I enjoyed the friendships with students, but I resented their ongoing attempts to honor me as a teacher. They always stood when I entered the room, called me “Dr. Professor,” and declined to answer my questions—these are all gestures of respect, but I didn’t receive them well! I was a typical young guy from California; my wardrobe was t-shirts, shorts, and sandals. But in Central Asian culture, teachers’ clothing should reflect their social importance—this means a three-piece suit, even in July. I begrudged these Central Asian habits of “social maintenance” in the classroom.
These small examples of culture shock are normal when teaching cross-culturally. With time, a better cultural understanding improved my relationships with students and increased my enjoyment of teaching. Here are five examples to help you understand and educate students.

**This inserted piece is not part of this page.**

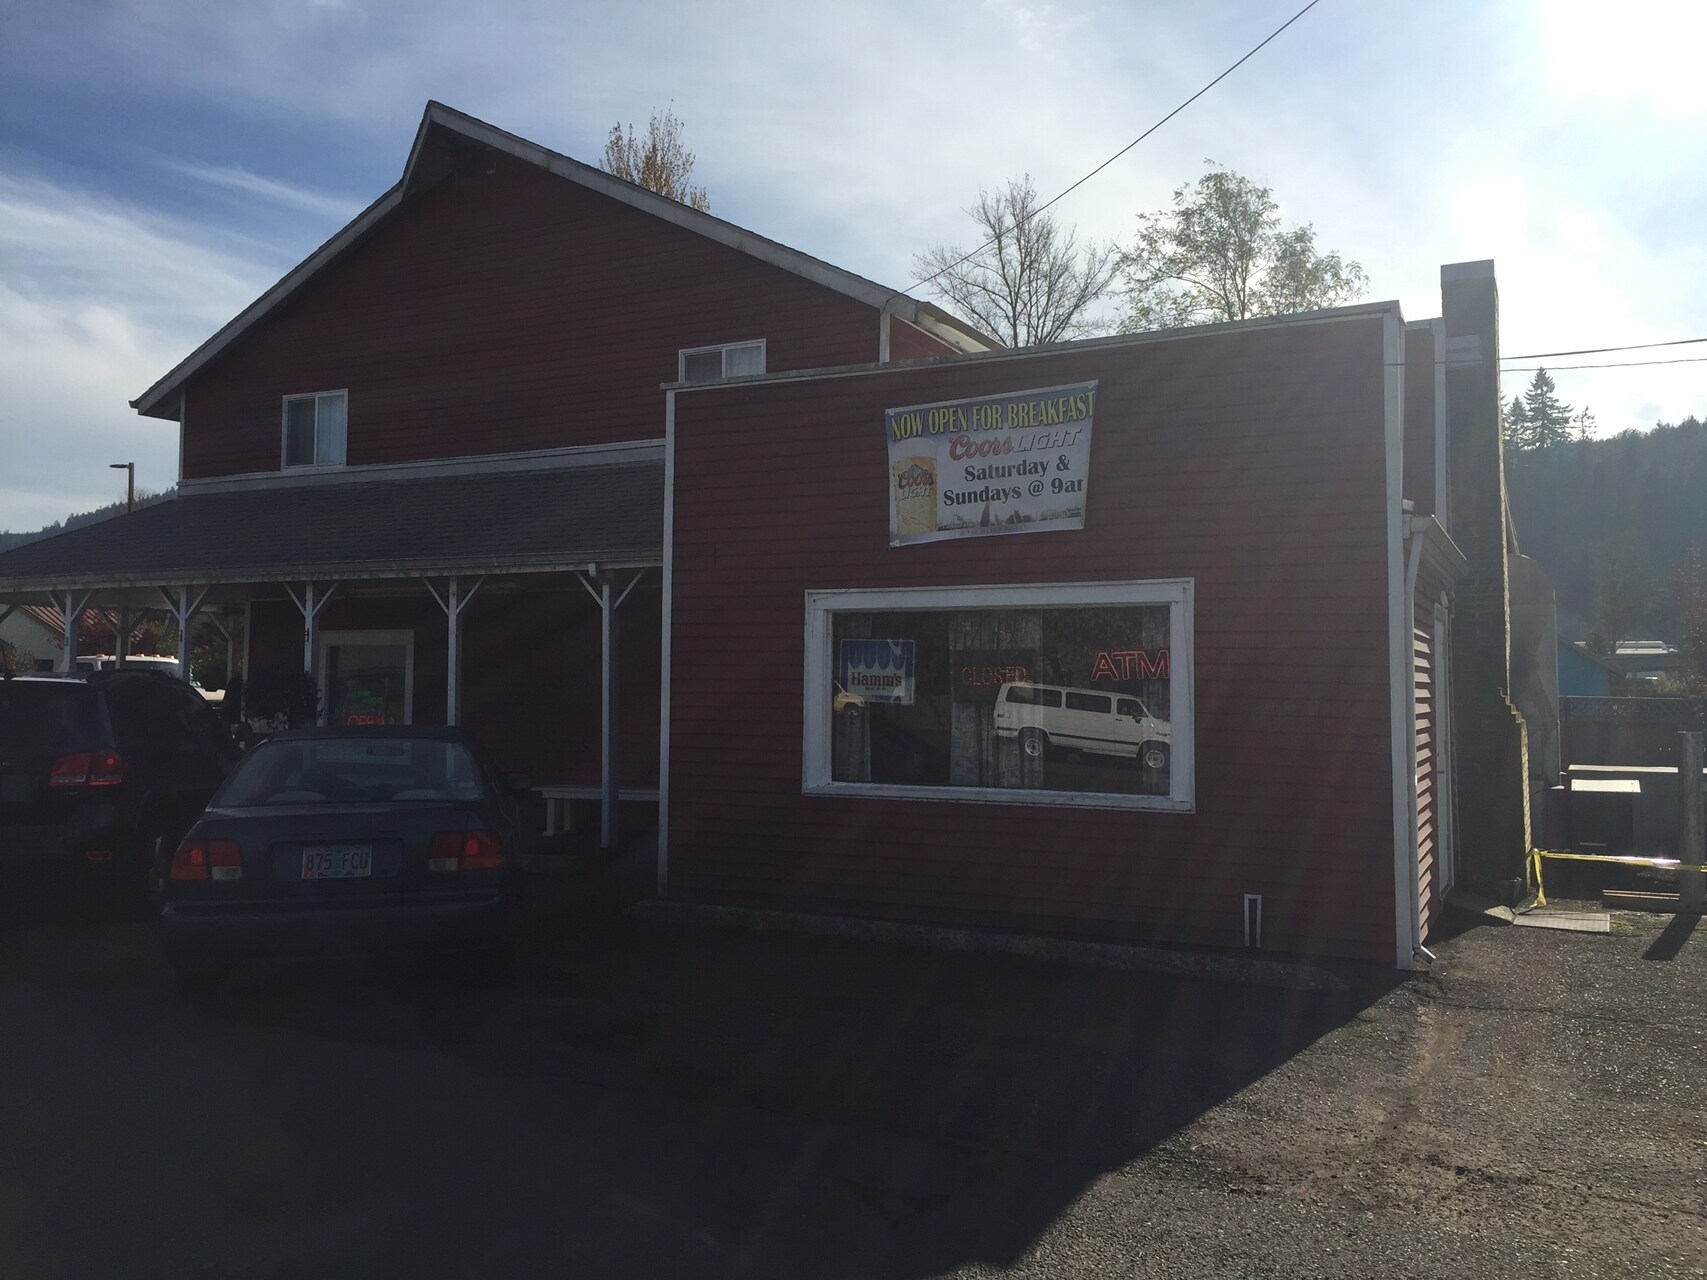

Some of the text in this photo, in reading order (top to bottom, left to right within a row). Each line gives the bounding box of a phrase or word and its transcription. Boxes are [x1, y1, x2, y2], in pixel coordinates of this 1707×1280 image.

Education is for reputation.
In honor-shame cultures, people study to acquire status, not just information. Education is one of the best ways to “gain face.” People boast about their educational degrees, and parents gain prominence from their children’s academic achievements. The motive for many students (and their families) is to enhance reputation. This explains some of the pressure to attend prestigious schools.
Teachers are revered.
In honor-shame cultures, teachers are near the top of the social hierarchy. A Central Asian friend told me her childhood memory—she was dismayed to see her teacher exit the school bathroom, because she assumed teachers were so holy they never had to relieve themselves!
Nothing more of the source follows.